Research Shows Transplanting Staghorn Corals Could Help The Species Recover In The Caribbean – National Parks Traveler

Research indicates an aggressive transplanting program might help staghorn corals survive/NOAA

In the watery world of national parks that touch the Caribbean Sea and the Straits of Florida, staghorn corals add some height to reefs. Their outstretched arms rise from the reefs, often mimicking elk or deer antlers to onlookers with some imagination. But since the 1970s more than 95 percent of these distinctive corals have died, and fears that they would vanish were growing. Now, though, research indicates that a vigorous transplanting initiative possibly could help recover the species.

The research is based onreef restoration projects in the Florida Keys National Marine Sanctuary that borders Dry Tortugas National Park.
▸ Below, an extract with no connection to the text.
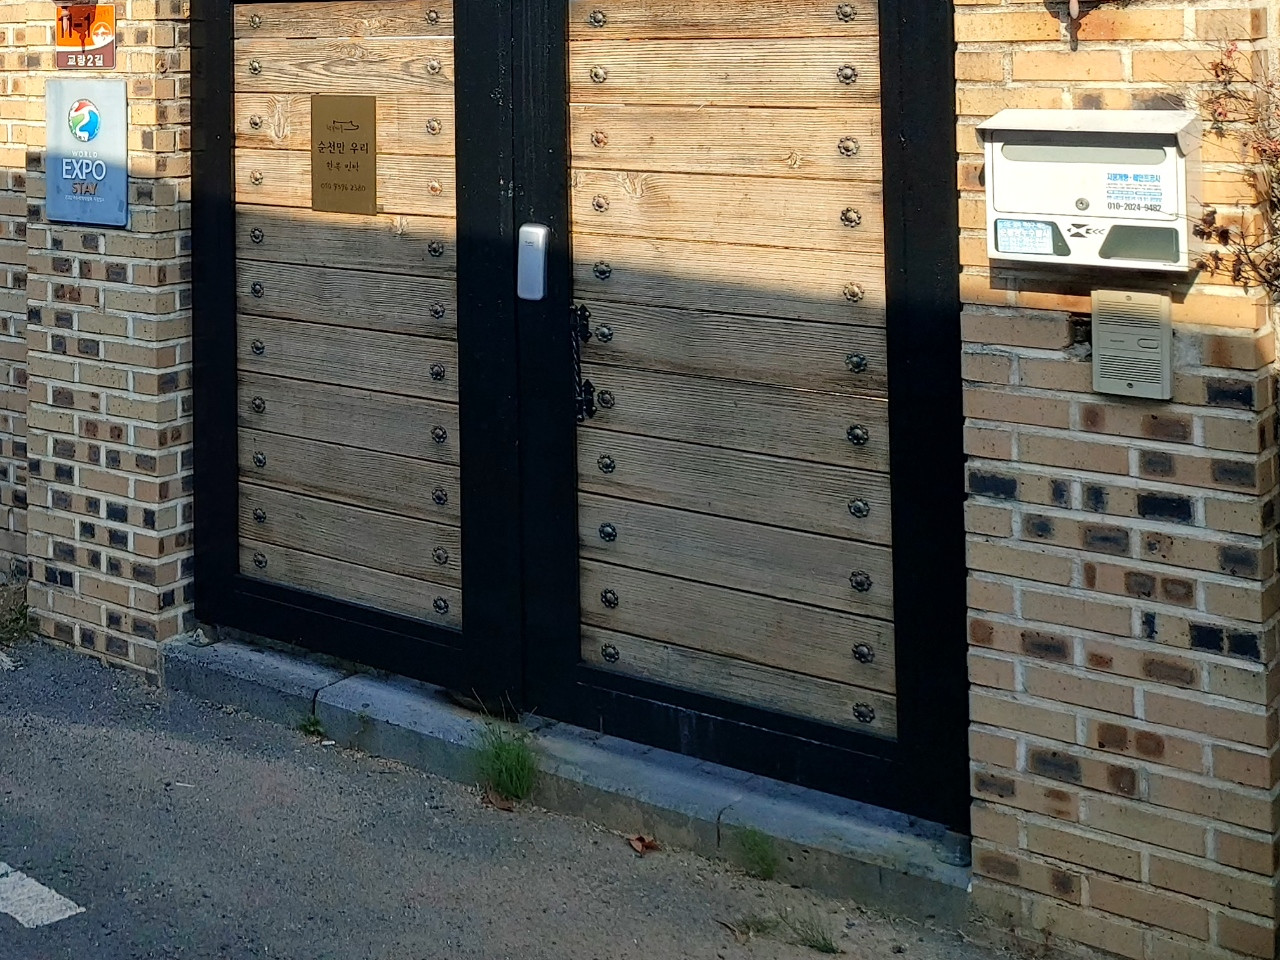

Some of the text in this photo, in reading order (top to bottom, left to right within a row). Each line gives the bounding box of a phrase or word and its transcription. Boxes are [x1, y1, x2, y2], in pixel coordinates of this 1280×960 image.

Staghorn coral can form dense groups called thickets in very shallow water, according to the National Oceanic and Atmospheric Administration. These provide important habitat for other reef animals, especially fish. The coral's range included Dry Tortugas, Virgin Islands National Park, Buck Island Reef National Monument, Everglades National Park, and Biscayne National Park.

Staghorn coral used to be a dominant coral on Caribbean reefs and was so abundant that an entire reef zone is named for it. Beginning in the 1980s, the staghorn coral population declined 97 percent from white band disease. This disease kills the corals tissues. Populations appear to consist mostly of isolated colonies or small groups of colonies compared to the vast thickets once prominent throughout its range, with thickets still a prominent feature at only a handful of known locations. Successful reproduction is very rare, so it is hard for staghorn coral populations to increase. -- NOAA

Today staghorn coral populations are listed as "threatened" under the Endangered Species Act. In 2006, NOAA initiated a recovery plan. A central part of this plan is outplanting, in which corals are cultivated in a protected area before being transplanted to the restoration site.
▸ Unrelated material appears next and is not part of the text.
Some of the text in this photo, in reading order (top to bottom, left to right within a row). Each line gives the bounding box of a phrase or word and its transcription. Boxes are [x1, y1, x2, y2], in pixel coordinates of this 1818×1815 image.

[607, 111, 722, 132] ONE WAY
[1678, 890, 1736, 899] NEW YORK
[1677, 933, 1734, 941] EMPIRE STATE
Marine biologists have been studying staghorn reefs at Dry Tortugas National Park/NOAA

While outplanting efforts have been in place for many years, only recently has enough time passed to analyze their long-term potential. Now, Matthew Ware of Florida State University and colleagues have applied photographic monitoring and in-person measurements to assess 2,419 staghorn coral colonies outplanted to 20 different sites in the Florida Keys between 2007 and 2013 by the Coral Restoration Project.
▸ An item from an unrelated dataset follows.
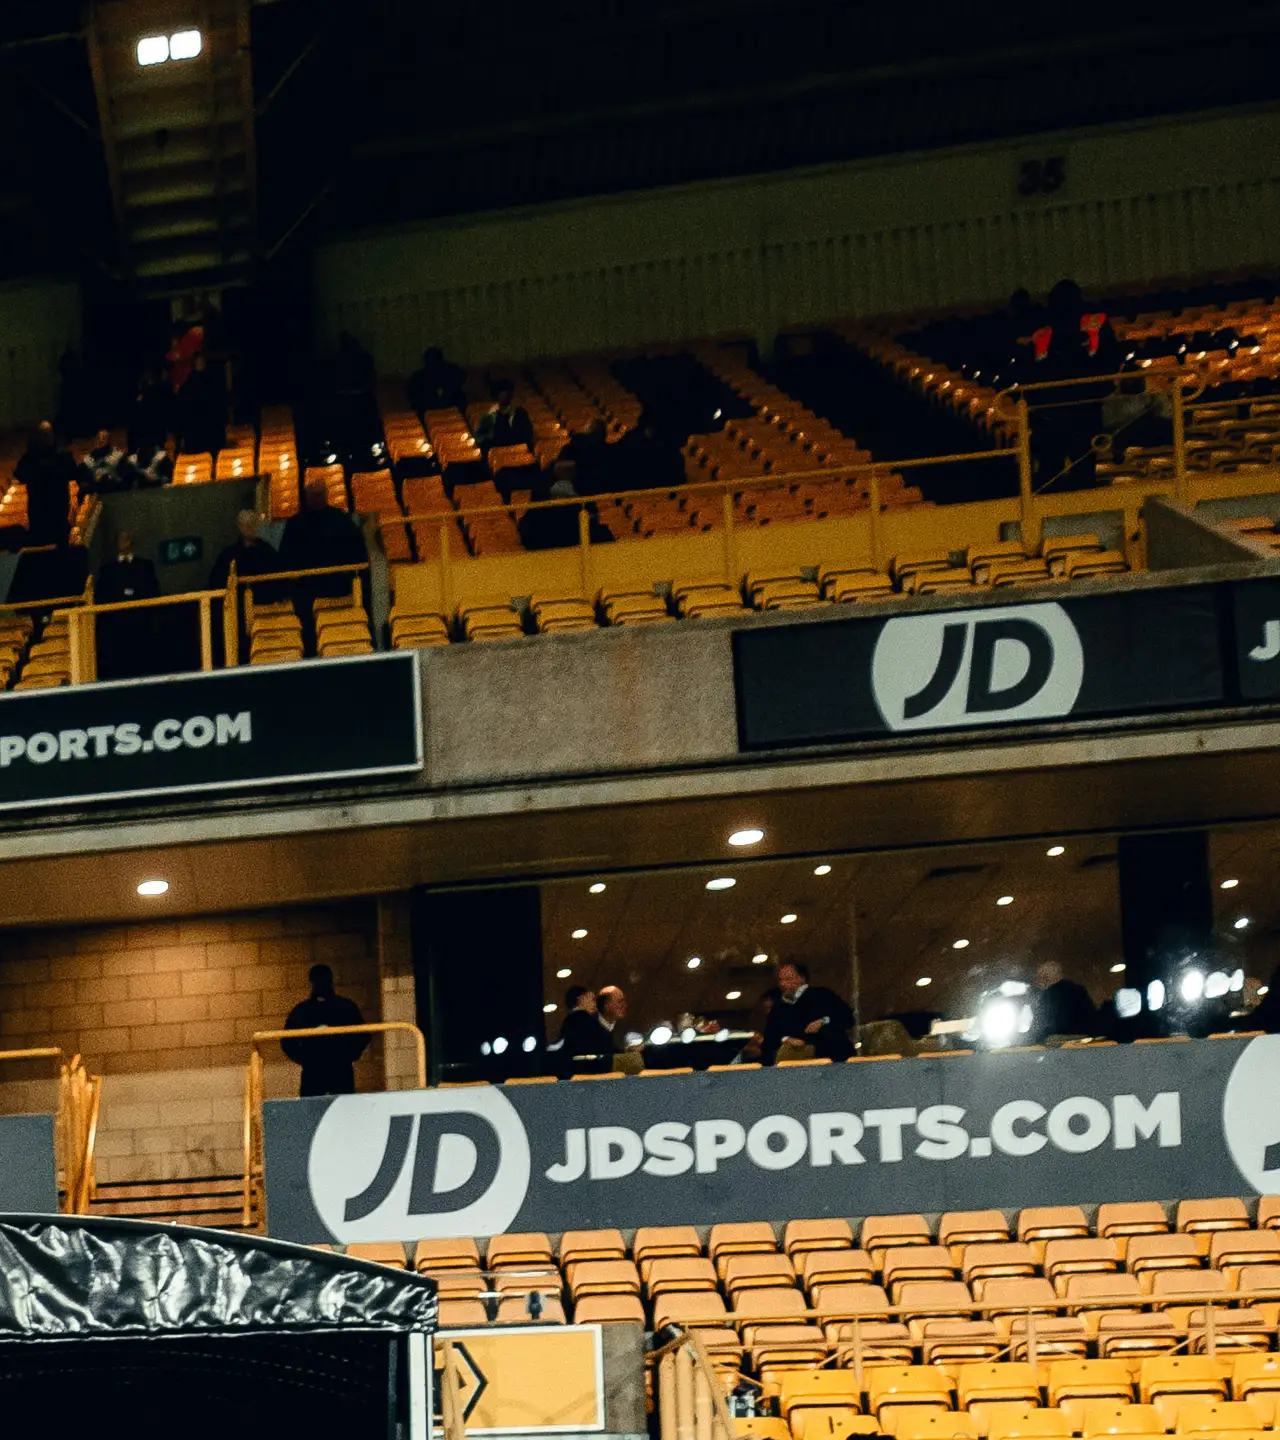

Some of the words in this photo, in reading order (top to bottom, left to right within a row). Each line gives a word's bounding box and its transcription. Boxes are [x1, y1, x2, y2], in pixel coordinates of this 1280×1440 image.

The analysis revealed that survivorship--the percentage of colonies containing living tissue--was high for the first two years after outplanting, but declined in subsequent years. The researchers used statistical modeling to predict future survivorship, finding that 0 to 10 percent of the colonies would survive seven years post-outplanting. This means that large numbers of colonies need to be outplanted to start, so ecologically relevant numbers survive longer-term. Coral growth rates were similar to the wild population.

The authors acknowledge some limitations of their analysis, including a lack of comparison to natural populations at outplant sites, differences in colony numbers and outplant strategies among sites, and low sample sizes for some years.

Still, the findings suggest that outplanting could help restore staghorn coral populations by protecting against local extinction and maintaining genetic diversity in the wild. Meanwhile, the same major stressors that have plagued these corals over the last few decades--disease and bleaching, both related to global warming--remain. The new findings support NOAA conclusions that mitigating these stressors is needed to achieve full, long-term recovery.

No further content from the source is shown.